Does anyone have experience with Tenable products?
I’m interested in real world experience regarding:
- cost
- effectiveness
- ease of use
I’m playing with Tenable Security Center and Nessus Scanner. I’m early in the deployment, just looking for pointers and whether anyone has used it?
What alternatives is your org using if not?
Can you compare?
Edit, if anyone is interested, I can post results and opinions here also.
threaded - newest
I’ve used it at a couple places. It’s pretty good. It’s best at checking the box on an audit to say you have a vulnerability management program.
If you want real coverage, you should also be actively involved in what’s in your company’s environment, and how security updates (for external software) and vulnerabilities (for internal) are handled. That is, do you have people looking for vulnerabilities, e.g. with fuzzing?

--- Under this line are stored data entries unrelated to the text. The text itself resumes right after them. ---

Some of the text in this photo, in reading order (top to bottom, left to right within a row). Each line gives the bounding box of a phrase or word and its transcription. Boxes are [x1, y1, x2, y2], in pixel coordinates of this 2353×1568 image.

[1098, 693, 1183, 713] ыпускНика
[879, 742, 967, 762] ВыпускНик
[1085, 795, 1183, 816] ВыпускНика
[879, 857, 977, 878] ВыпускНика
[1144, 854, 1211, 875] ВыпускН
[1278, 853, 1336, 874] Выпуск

For Windows environments, you should additionally look at bloodhound and pingcastle.
Thanks,. I’ll check into those two
It is a requirement for all of the military projects I’ve worked on. Specifically ACAS which has Nessus as a component.
For a solo person doing scans for clients I think the cost is like $2k. Seems fine but I wouldn’t buy it without a guarantee I’d get my money out of it.

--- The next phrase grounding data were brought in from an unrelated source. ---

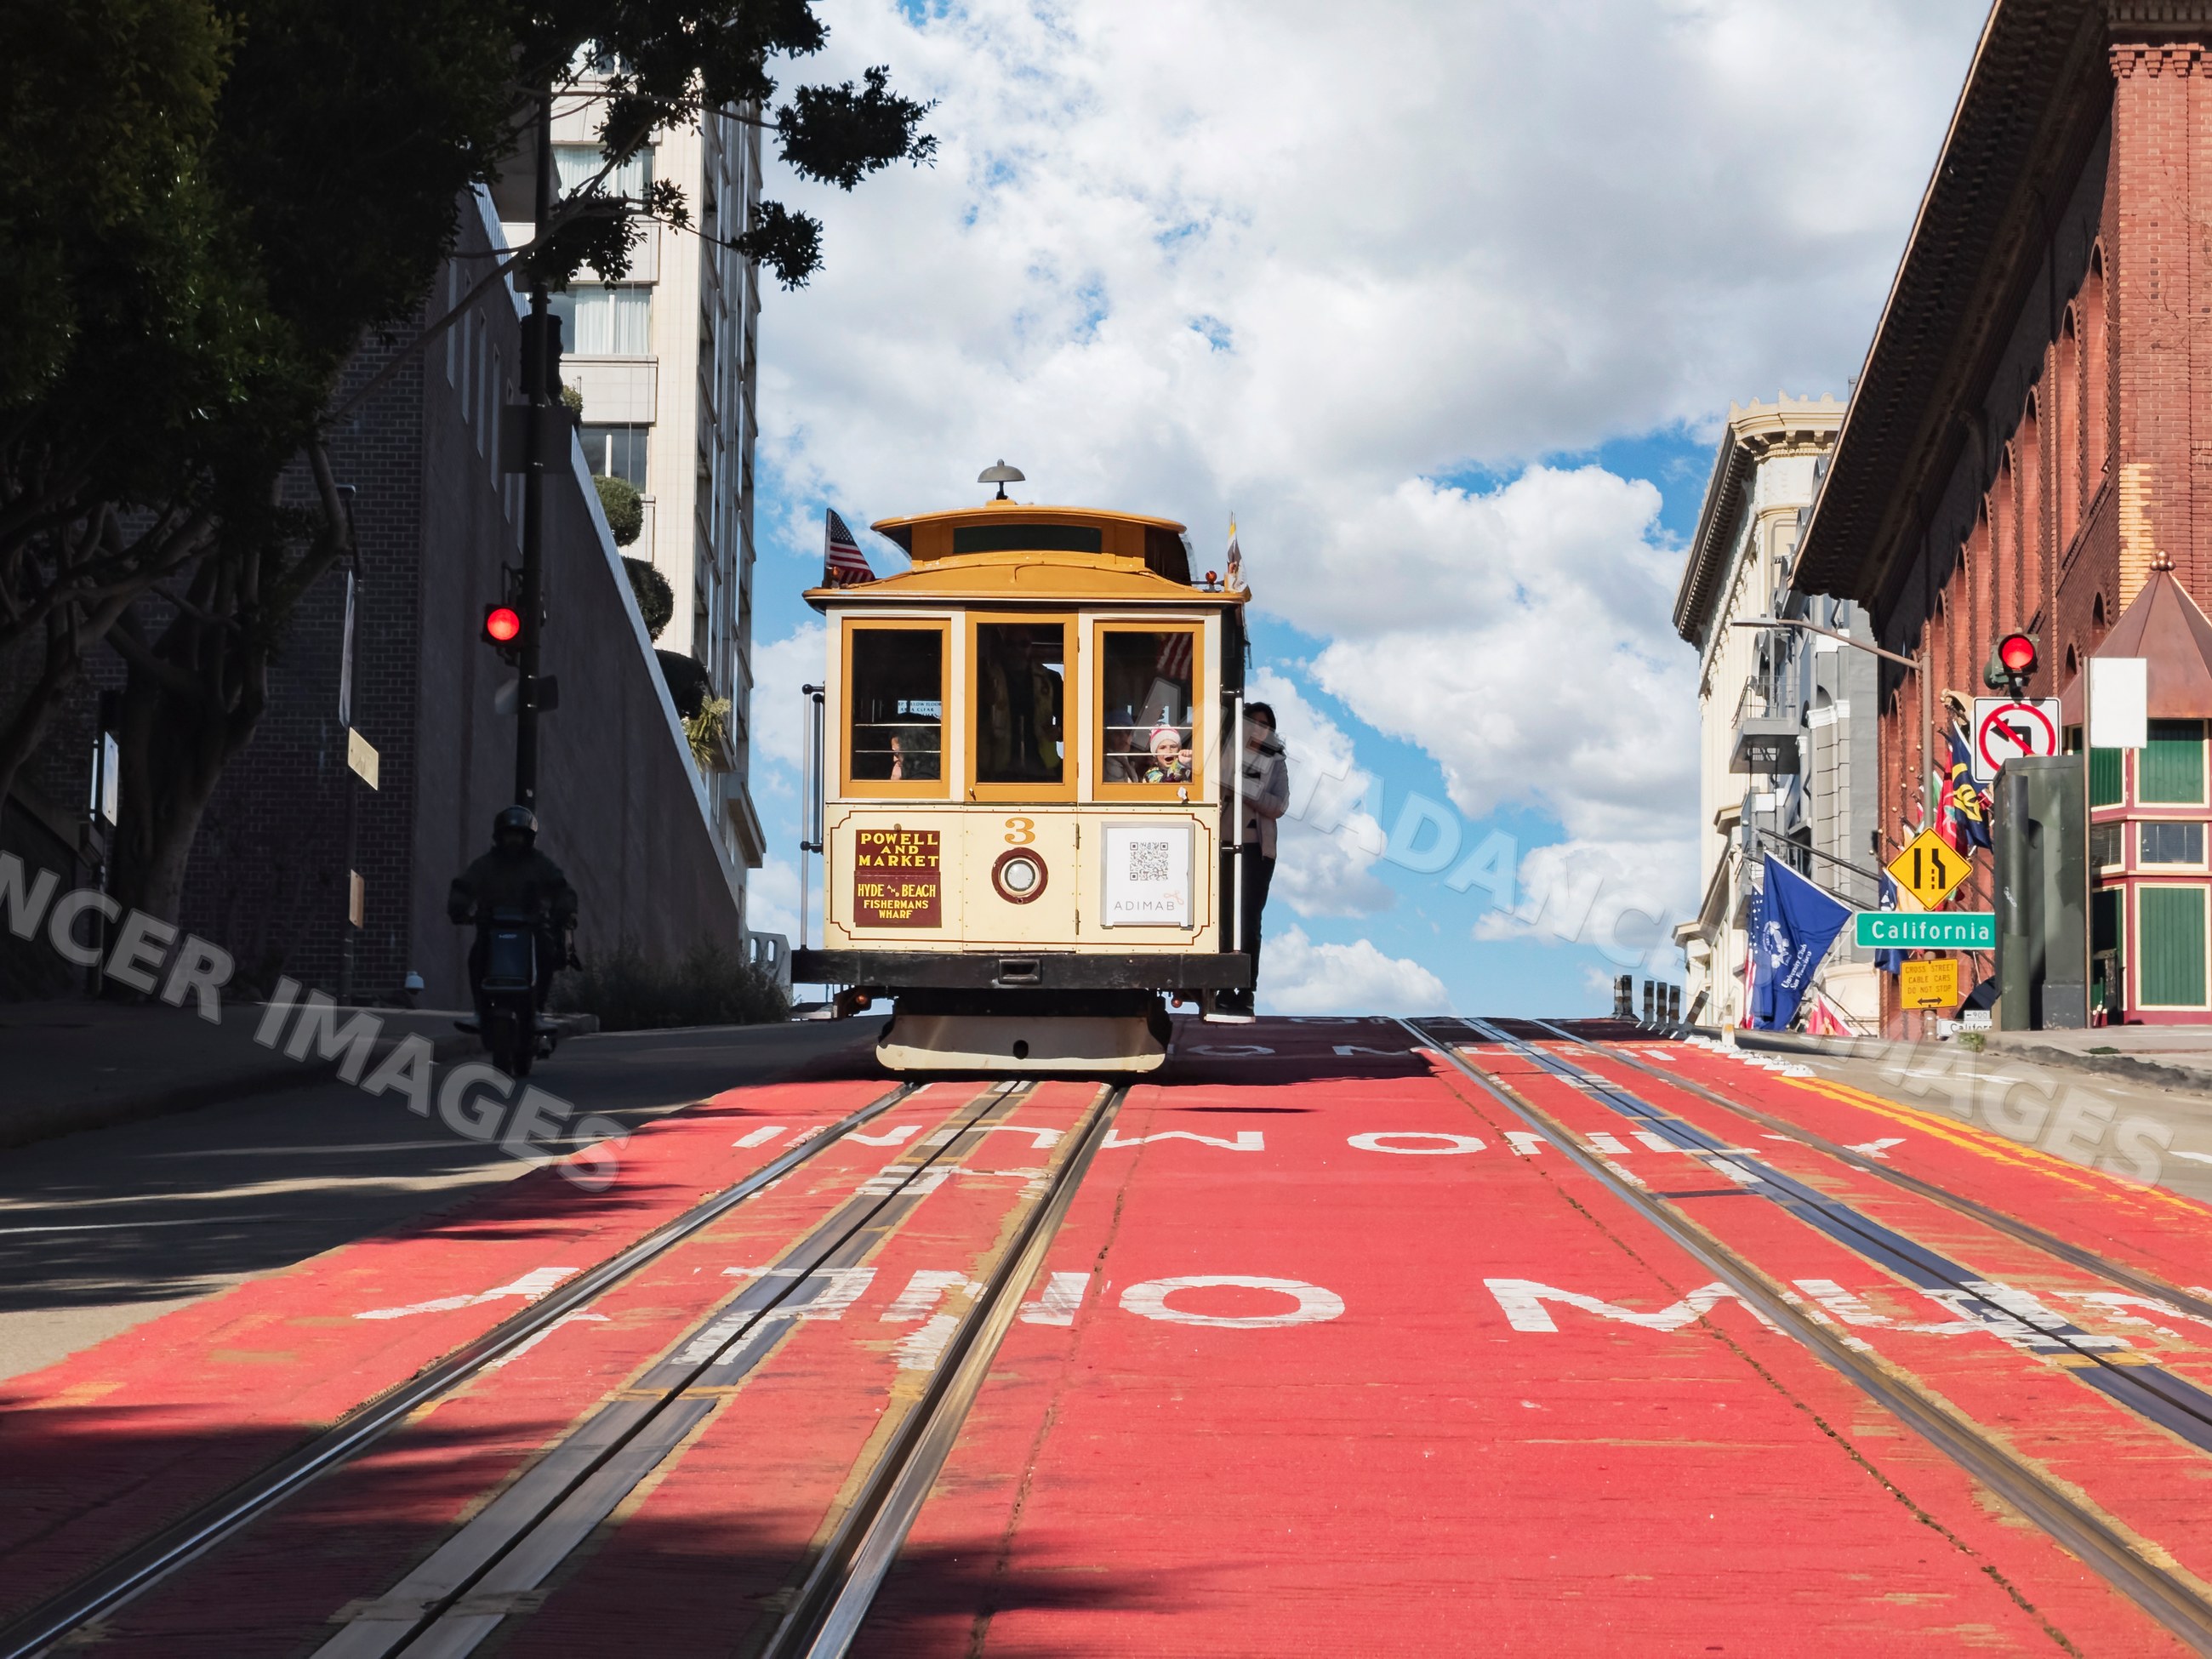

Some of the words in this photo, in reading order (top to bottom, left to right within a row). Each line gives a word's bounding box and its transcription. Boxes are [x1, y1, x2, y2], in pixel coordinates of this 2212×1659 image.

[1004, 817, 1036, 845] 3
[860, 833, 938, 845] POWELL
[880, 845, 919, 854] AND
[858, 855, 938, 867] MARKET
[858, 883, 885, 897] HYDE
[887, 884, 900, 898] AND
[901, 884, 937, 898] BEACH
[864, 899, 929, 909] FISHERMANS
[1114, 900, 1175, 911] ADIMAB
[879, 909, 913, 919] WHARF
[1871, 921, 1990, 940] California
[1905, 965, 1926, 974] CROSS
[1930, 963, 1954, 972] STREET
[1908, 976, 1929, 984] CABLE
[1936, 984, 1953, 993] STOP

There is one other product I’ve tried from greenbone. Never used it professionally. Idk if I would trust it at the same level as Nessus.
Good info, thanks.
I am familiar with ACAS, which is why I am testing the products.
Fully capturing all the capabilities of scanning, auditing configuration seems like you could put countless hours into the implementation.
I imagine the ROI is high based on what I’ve seen.
Would you agree?
@redfox I've used Tenable for a LONG time. Pretty much their entire suite of products. Cost in the enterprise is going to vary on how many endpoints you have and what solutions you need.
As for effectiveness. I think it it has been and continues to be VM/scanning best of breed. Security Center specifically is highly extensible. It should be easy enough to get started with though may take some time to build out more advanced things.
Alts include Qualys and Rapid7.
Paging @tecnobabble
Thanks
I’ve used Tenable Nessus Professional, and Tenable Security Center and both work well in their categories. Nessus Professional is a portable Nessus scanner a security person can take with them to do adhoc scans. Security Center (aka Tenable.sc) is a vulnerability management solution for an enterprise.
Their competition is Rapid7 and Qualys, but I can’t speak to those myself.
Makes sense. Thanks. I have heard of R7. Had not heard of Qualys.